Hally could hear the telephone through her screened open windows as she unlocked her front door. Hurrying inside, she tripped over Chaucer who, as usual, appeared out of nowhere and was trying to beat her into the house.
The cat yowled his indignant protest, drowning out Hally’s muttered epithet. In the kitchen, she lunged for the phone just as its ring abruptly stopped.

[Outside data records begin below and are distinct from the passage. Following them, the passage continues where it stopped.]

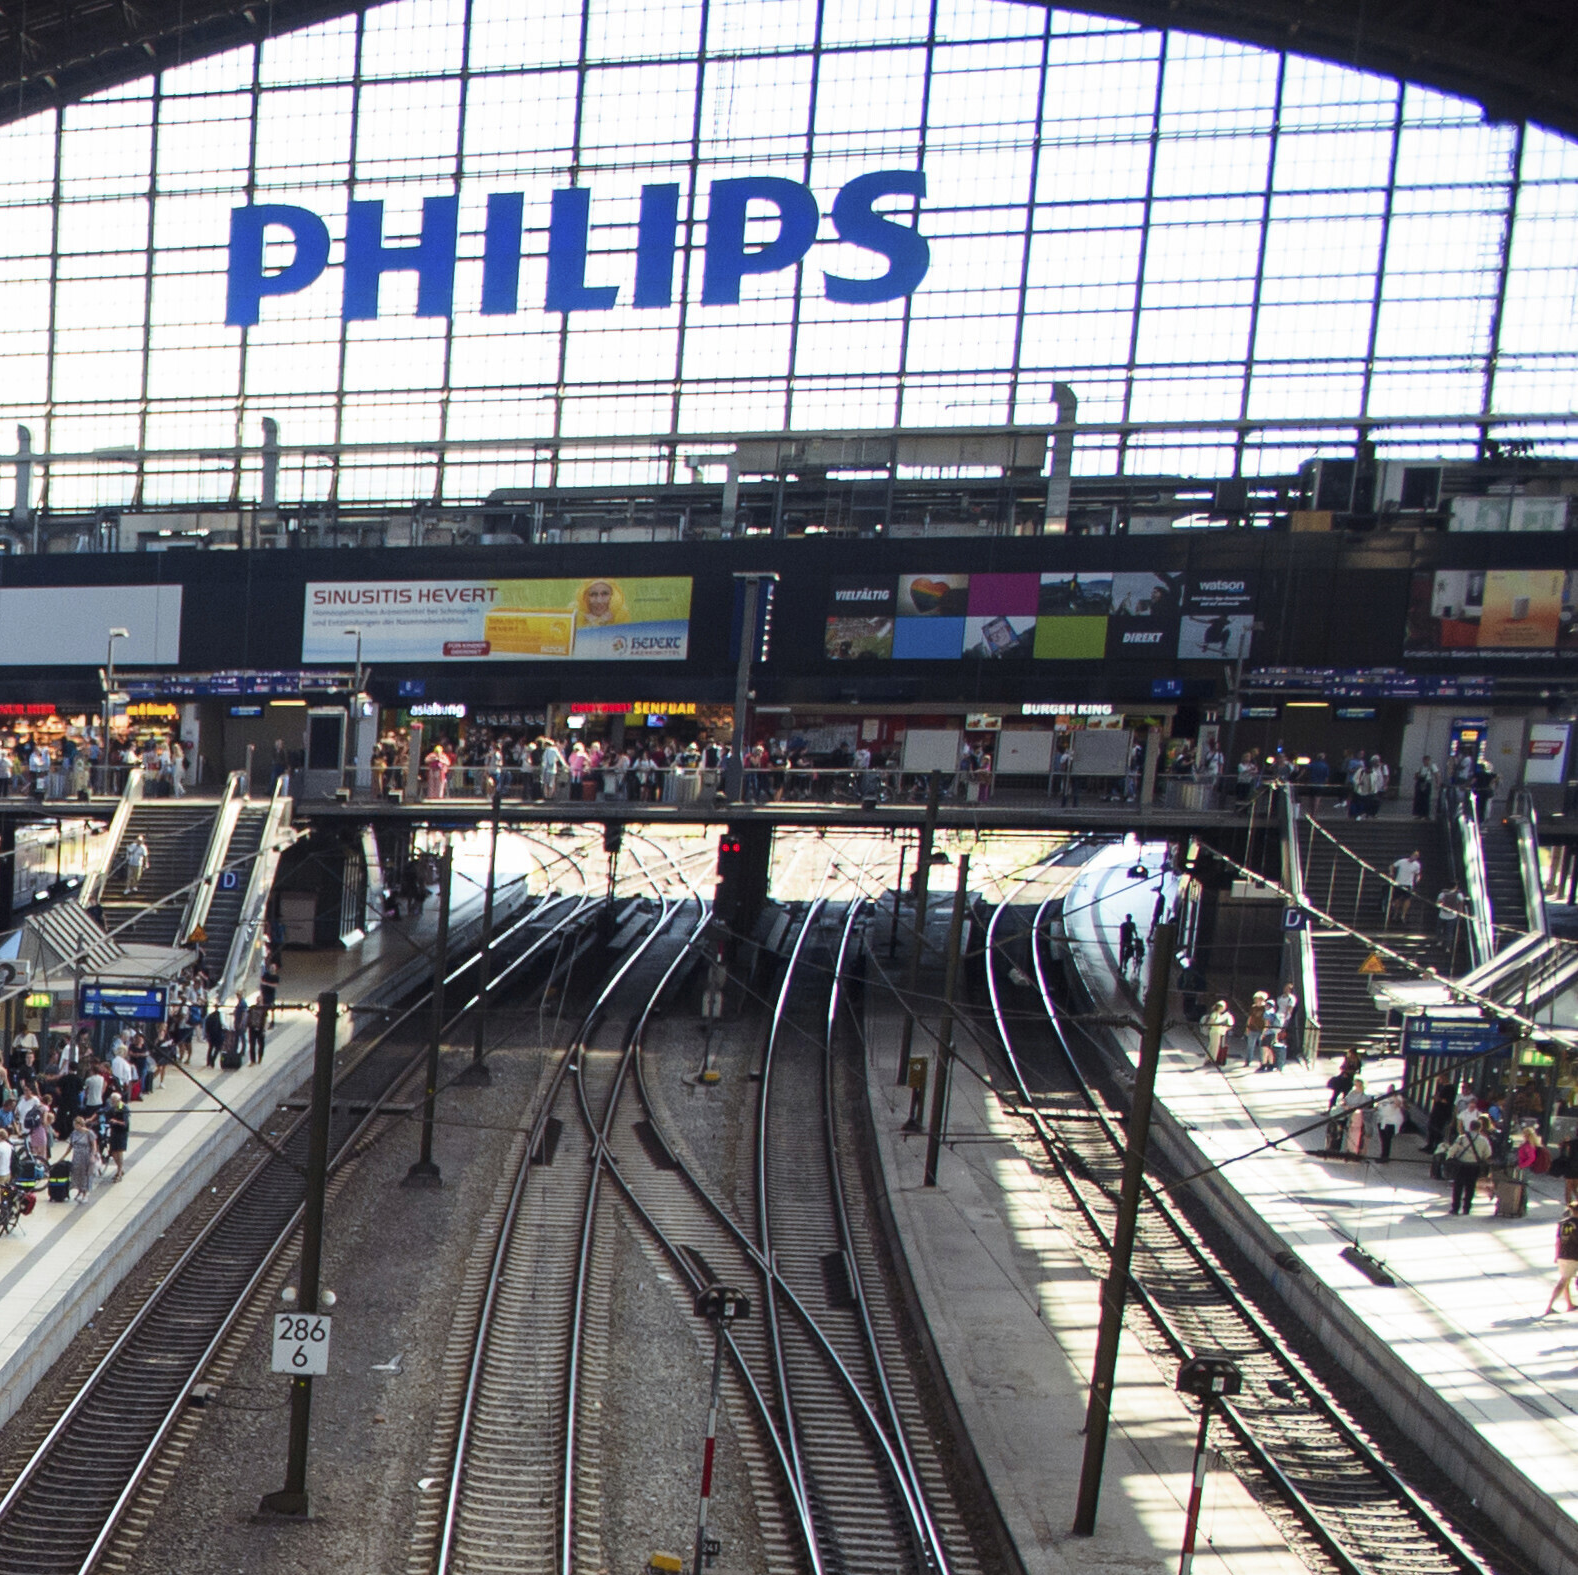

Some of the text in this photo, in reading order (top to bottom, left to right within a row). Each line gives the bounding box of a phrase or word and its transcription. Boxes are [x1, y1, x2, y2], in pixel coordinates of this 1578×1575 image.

[223, 168, 931, 329] PHILIPS
[835, 587, 890, 601] VIELFÄLTIG
[1199, 580, 1245, 591] watson
[313, 587, 499, 605] SINUSITIS HEVERT
[1122, 632, 1163, 643] DIREKT
[1022, 703, 1113, 715] BURGER KING
[224, 872, 236, 888] D
[1284, 909, 1301, 928] D
[279, 1317, 325, 1342] 286
[292, 1345, 308, 1368] 6
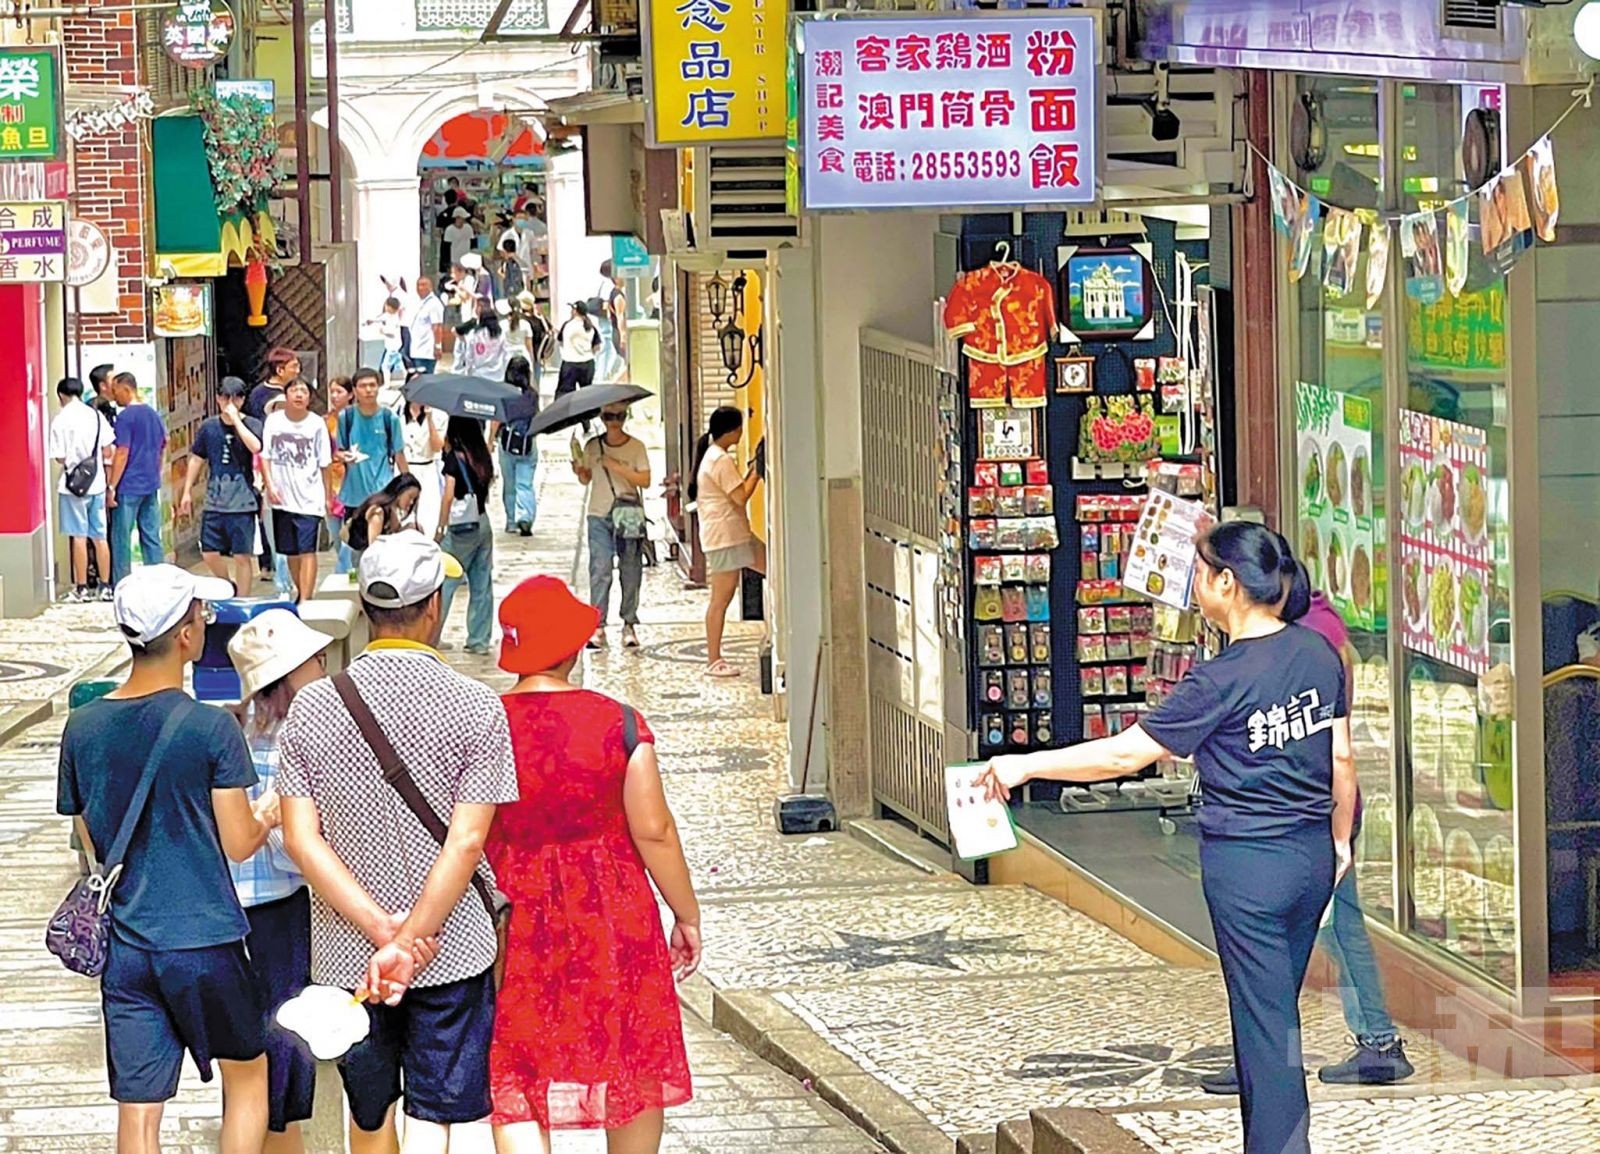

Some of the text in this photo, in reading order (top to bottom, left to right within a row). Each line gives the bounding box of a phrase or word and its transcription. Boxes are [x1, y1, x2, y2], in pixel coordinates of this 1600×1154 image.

[676, 0, 736, 128] 念品店
[758, 76, 768, 131] SHOP
[815, 50, 845, 173] 潮記美食
[858, 90, 1015, 130] 澳門筒骨
[1, 126, 49, 150] 魚旦
[0, 206, 53, 229] 合成
[11, 236, 61, 249] PERFUME
[0, 256, 55, 279] 香水
[1248, 688, 1334, 753] 錦記

Garnet Bloomfield, she thought with a baleful glare at the instrument. With a sigh of vexation, she plunked her bulging tote on the nearest chair and her keys on the kitchen table. Probably called to read me the riot act for not showing up for aerobics.
As if I had a choice.
Out of sorts, Hally bent and absently stroked Chaucer who was winding himself around and between her legs in a bid for apology and attention. She fretted. The meeting with Michael J. Parker had been necessary but, darn it—this new school year was supposed to be the beginning of a whole new chapter in her life. Her horoscope had said as much. Her bank account agreed—come June it was time to cut loose and make a change.
Which meant that come June she would pack her bags, lease out the house and hit the road to Florence, Italy, for the year-long sabbatical that had always been her dream. Or, if not always, at least since a certain medical student had cured her of romance back in college.

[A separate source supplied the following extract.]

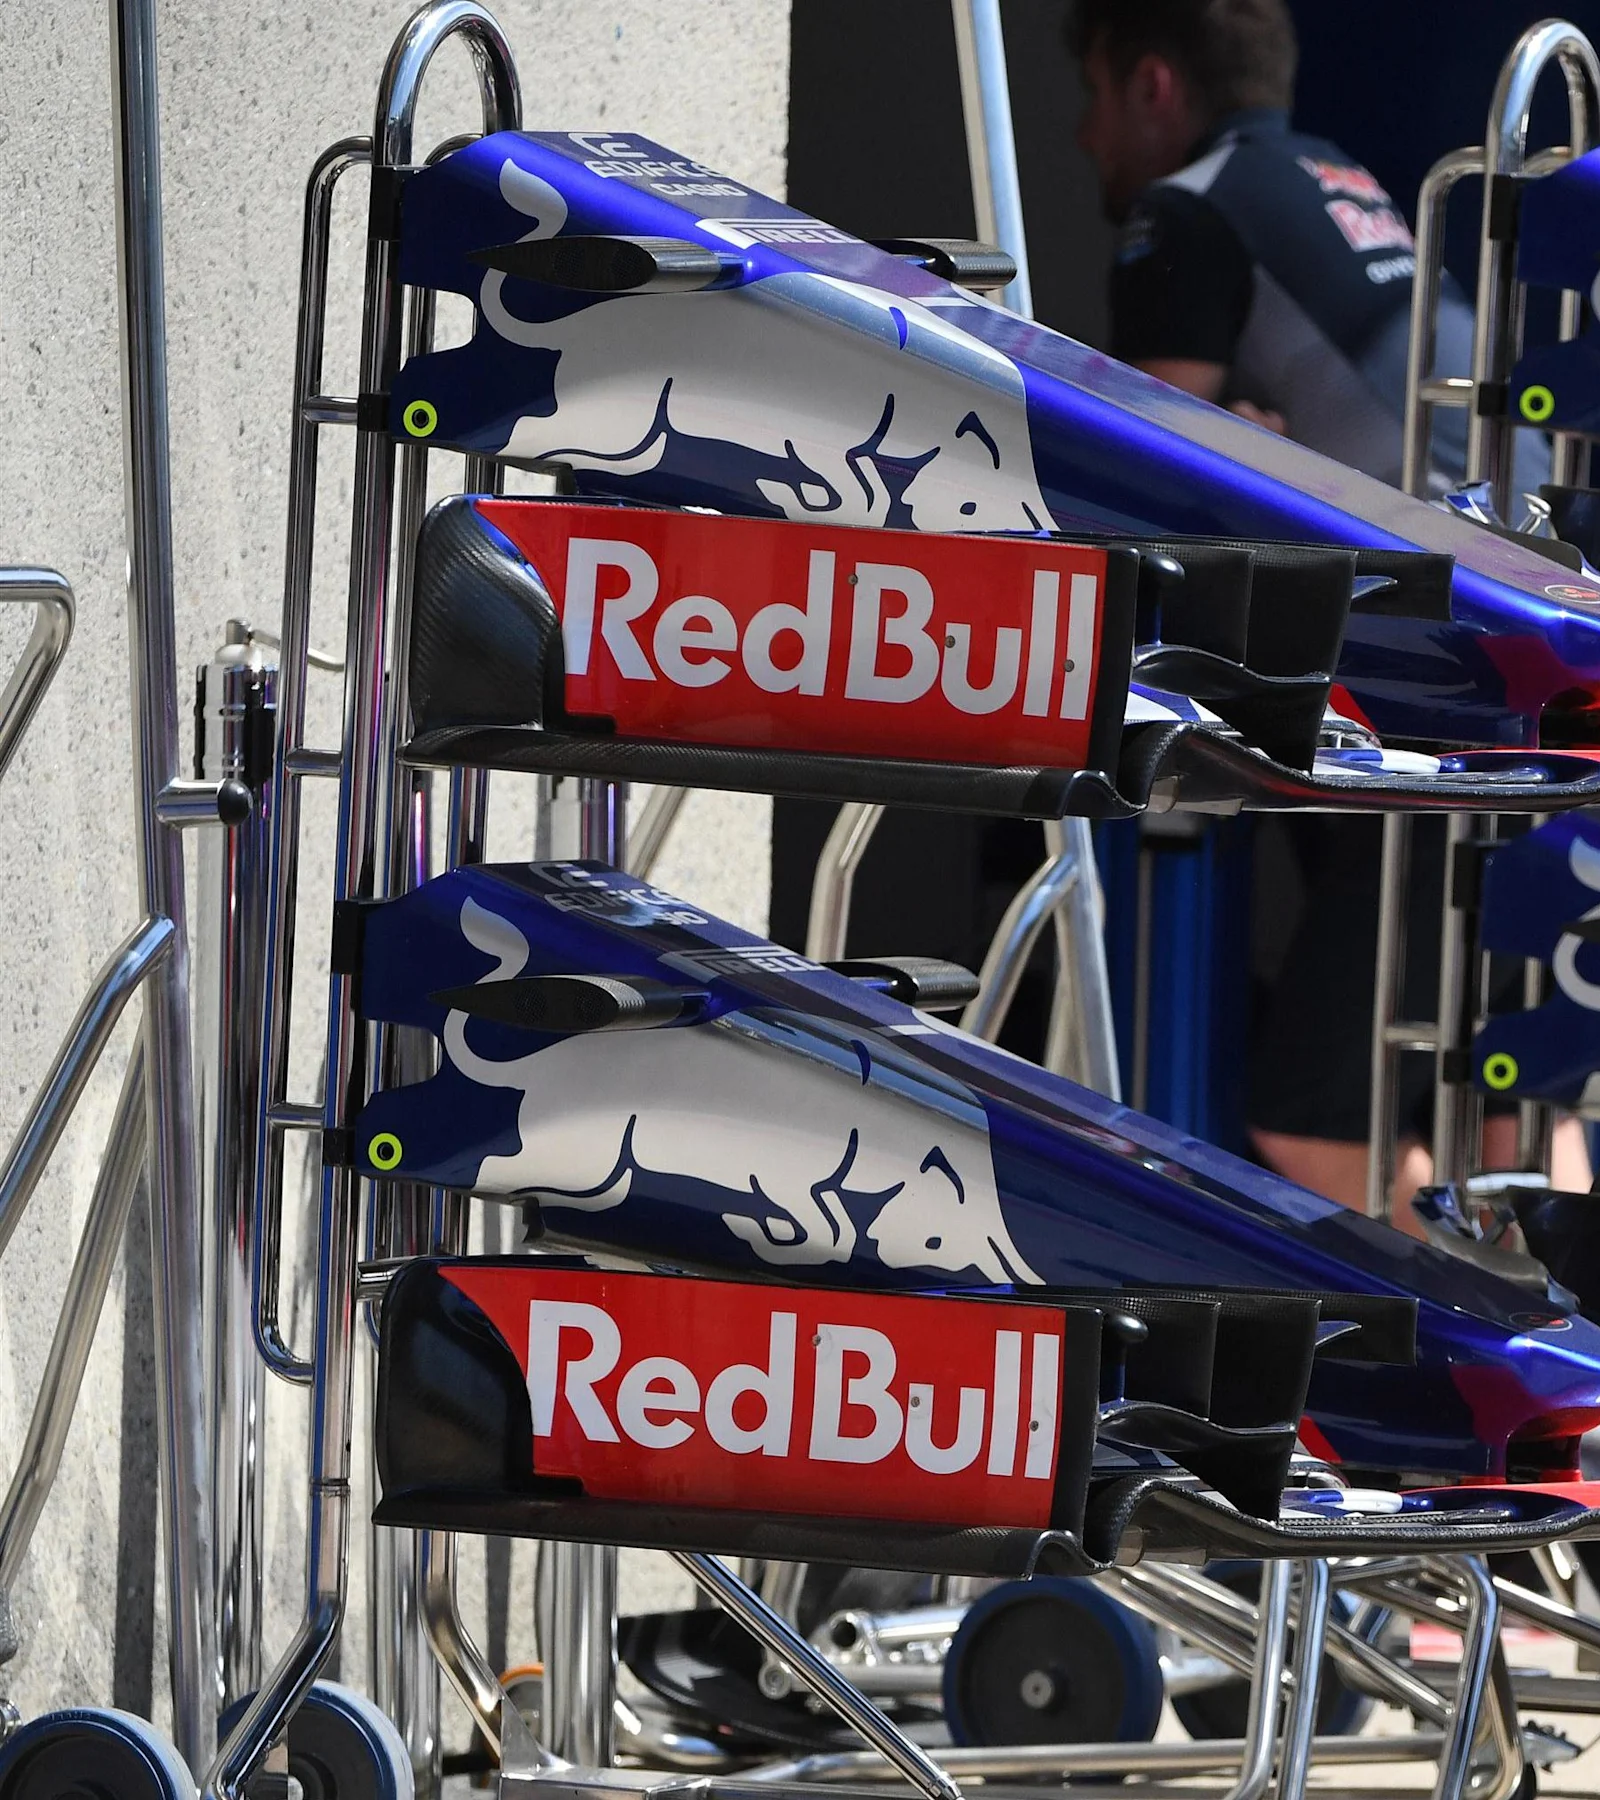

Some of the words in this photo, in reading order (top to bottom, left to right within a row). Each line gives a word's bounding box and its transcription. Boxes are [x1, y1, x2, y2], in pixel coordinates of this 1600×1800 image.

[650, 183, 748, 196] CASIO
[695, 218, 866, 250] PIRELL
[657, 945, 828, 984] PIRELL

Before the trip began, however, she planned to be a whole different person. For one thing, she intended to have a leaner body. And long, smooth tresses that could be swept back into a simple and classic hairstyle. She also meant to acquire the kind of simple and classic wardrobe in basic black, taupe and cream that never went out of style. Especially in Europe.
“I’m gonna have to get tougher with my time, Chauce,” she muttered, and puffed out another long breath of vexation as she straightened. Today’s aerobics class was to have been step one on the road to Fiorenze. Tomorrow night’s Italian language class would be step two.
“And nothing’s darn well going to interfere with that,” Hally emphatically informed the cat. Living alone, conversations with Chaucer were a normal occurrence. “I’ve waited too long for this to let myself get sidetracked by other people’s problems.
“Oh, all right.” Giving in to the cat’s insistent pleas, Hally grabbed a can of cat food out of the cupboard, opened it and dumped it into a bowl. “If you aren’t going to listen, you might as well eat.” She set the food on the floor. “Here. Stop complaining.”
As Chaucer fell on his meal as if he hadn’t had nourishment in years, Hally filled another dish with water, set it on the floor, as well, and flicked on the radio.
“Police used tear gas and water hoses to subdue hundreds of rioting teenagers at Milton Stadium where the Leapin’ Lizards, a popular rock group, unexpectedly canceled their scheduled appearance….”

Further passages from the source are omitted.